* _HOW TO COMPLETE THIS TASK_
Each line in the material below must be transcribed exactly; no picture belongs in the copy.

↓

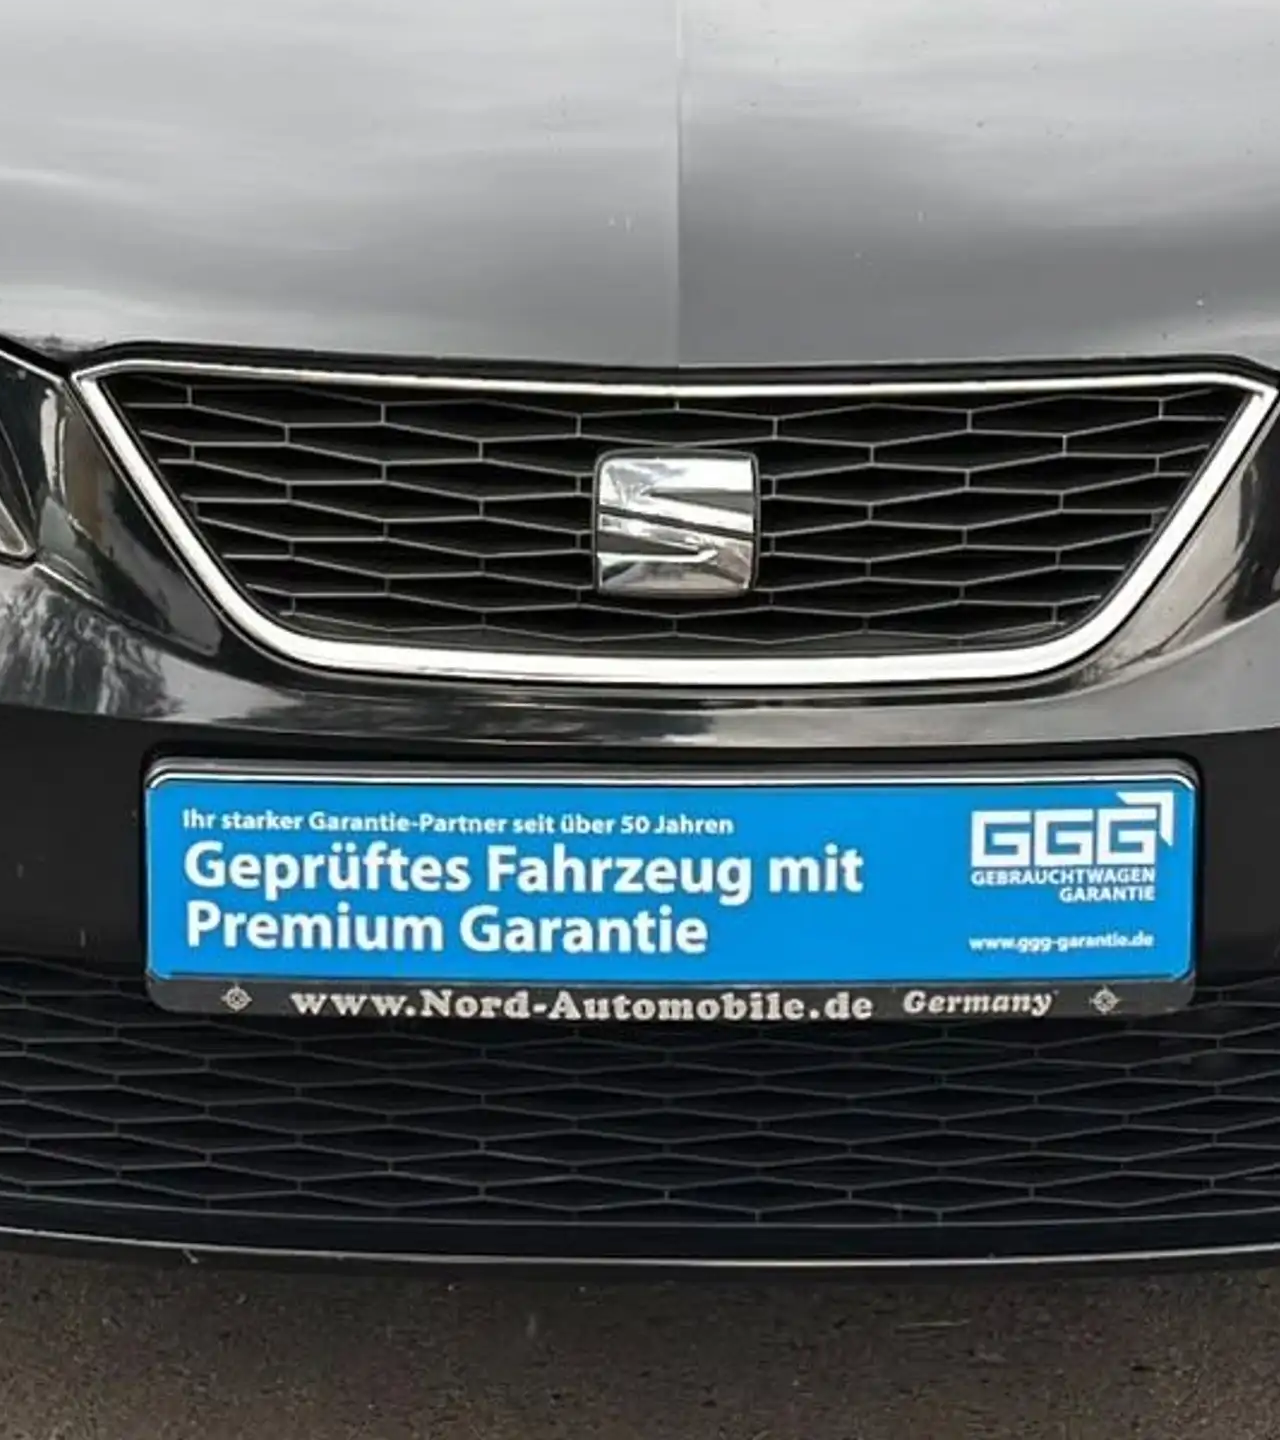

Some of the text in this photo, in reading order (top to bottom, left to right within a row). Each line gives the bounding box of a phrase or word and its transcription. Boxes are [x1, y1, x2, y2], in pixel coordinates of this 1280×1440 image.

[182, 809, 735, 835] Ihr starker Garantie-Partner seit über 50 Jahren
[970, 808, 1158, 867] GGG
[184, 839, 865, 906] Geprüftes Fahrzeug mit
[970, 866, 1157, 887] GEBRAUCHTWAGEN
[1058, 885, 1157, 904] GARANTIE
[186, 901, 709, 955] Premium Garantie
[969, 930, 1156, 953] www.ggg-garantie.de
[289, 988, 1054, 1022] www.Nord-Automobile.de Germany
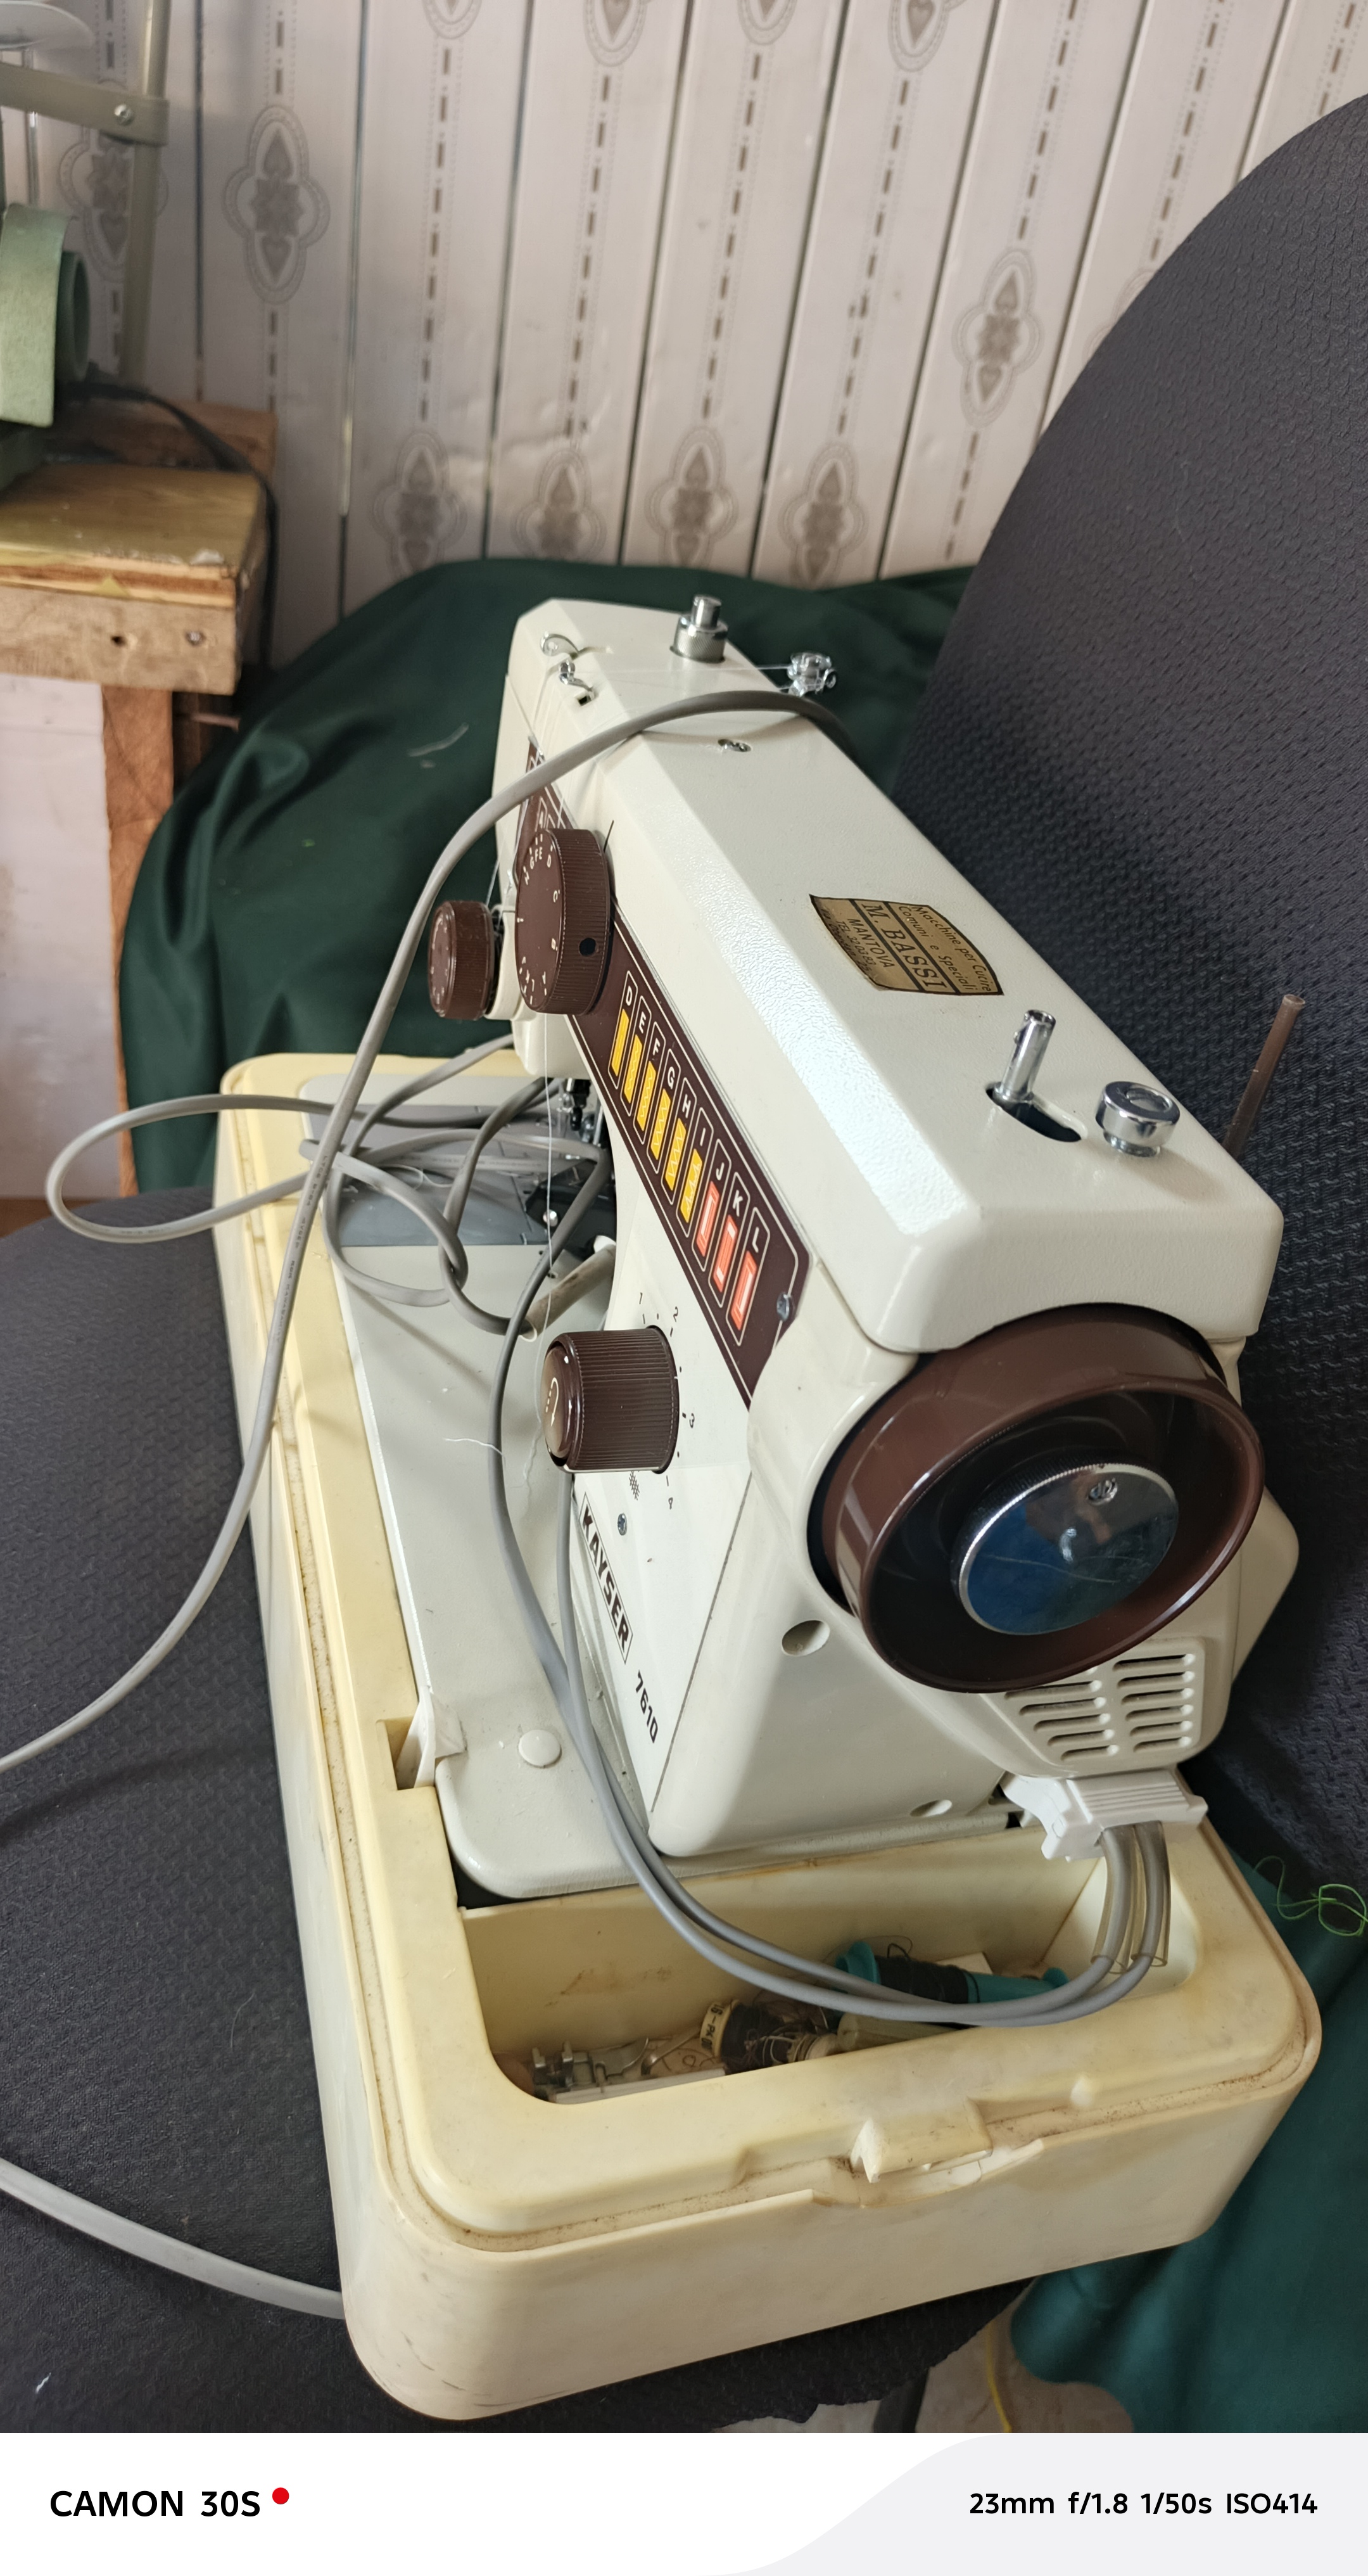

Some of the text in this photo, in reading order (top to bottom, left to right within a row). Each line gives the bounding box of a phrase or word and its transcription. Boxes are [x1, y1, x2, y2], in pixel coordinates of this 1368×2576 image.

[847, 919, 895, 968] MANTOVA
[861, 903, 948, 989] M. BASSI
[899, 906, 934, 938] Comuni
[938, 955, 978, 991] Speciali
[911, 906, 992, 992] Macchine per Cucire
[626, 985, 633, 1006] D
[638, 1011, 646, 1034] E
[652, 1038, 660, 1055] F
[667, 1066, 675, 1089] G
[682, 1094, 691, 1118] H
[700, 1128, 706, 1146] I
[716, 1163, 725, 1180] J
[732, 1190, 743, 1216] K
[752, 1227, 759, 1253] L
[639, 1292, 643, 1304] 1
[673, 1306, 678, 1322] 2
[689, 1413, 695, 1429] 3
[583, 1503, 629, 1652] KAYSER
[635, 1669, 658, 1744] 7610

↑

* _ANSWER TO THE PROBLEM_
Some of the text in this photo, in reading order (top to bottom, left to right within a row). Each line gives the bounding box of a phrase or word and its transcription. Boxes are [x1, y1, x2, y2], in pixel coordinates of this 1280×1440 image.

[182, 809, 735, 835] Ihr starker Garantie-Partner seit über 50 Jahren
[970, 808, 1158, 867] GGG
[184, 839, 865, 906] Geprüftes Fahrzeug mit
[970, 866, 1157, 887] GEBRAUCHTWAGEN
[1058, 885, 1157, 904] GARANTIE
[186, 901, 709, 955] Premium Garantie
[969, 930, 1156, 953] www.ggg-garantie.de
[289, 988, 1054, 1022] www.Nord-Automobile.de Germany

Some of the text in this photo, in reading order (top to bottom, left to right within a row). Each line gives the bounding box of a phrase or word and its transcription. Boxes are [x1, y1, x2, y2], in pixel coordinates of this 1368×2576 image.

[847, 919, 895, 968] MANTOVA
[861, 903, 948, 989] M. BASSI
[899, 906, 934, 938] Comuni
[938, 955, 978, 991] Speciali
[911, 906, 992, 992] Macchine per Cucire
[626, 985, 633, 1006] D
[638, 1011, 646, 1034] E
[652, 1038, 660, 1055] F
[667, 1066, 675, 1089] G
[682, 1094, 691, 1118] H
[700, 1128, 706, 1146] I
[716, 1163, 725, 1180] J
[732, 1190, 743, 1216] K
[752, 1227, 759, 1253] L
[639, 1292, 643, 1304] 1
[673, 1306, 678, 1322] 2
[689, 1413, 695, 1429] 3
[583, 1503, 629, 1652] KAYSER
[635, 1669, 658, 1744] 7610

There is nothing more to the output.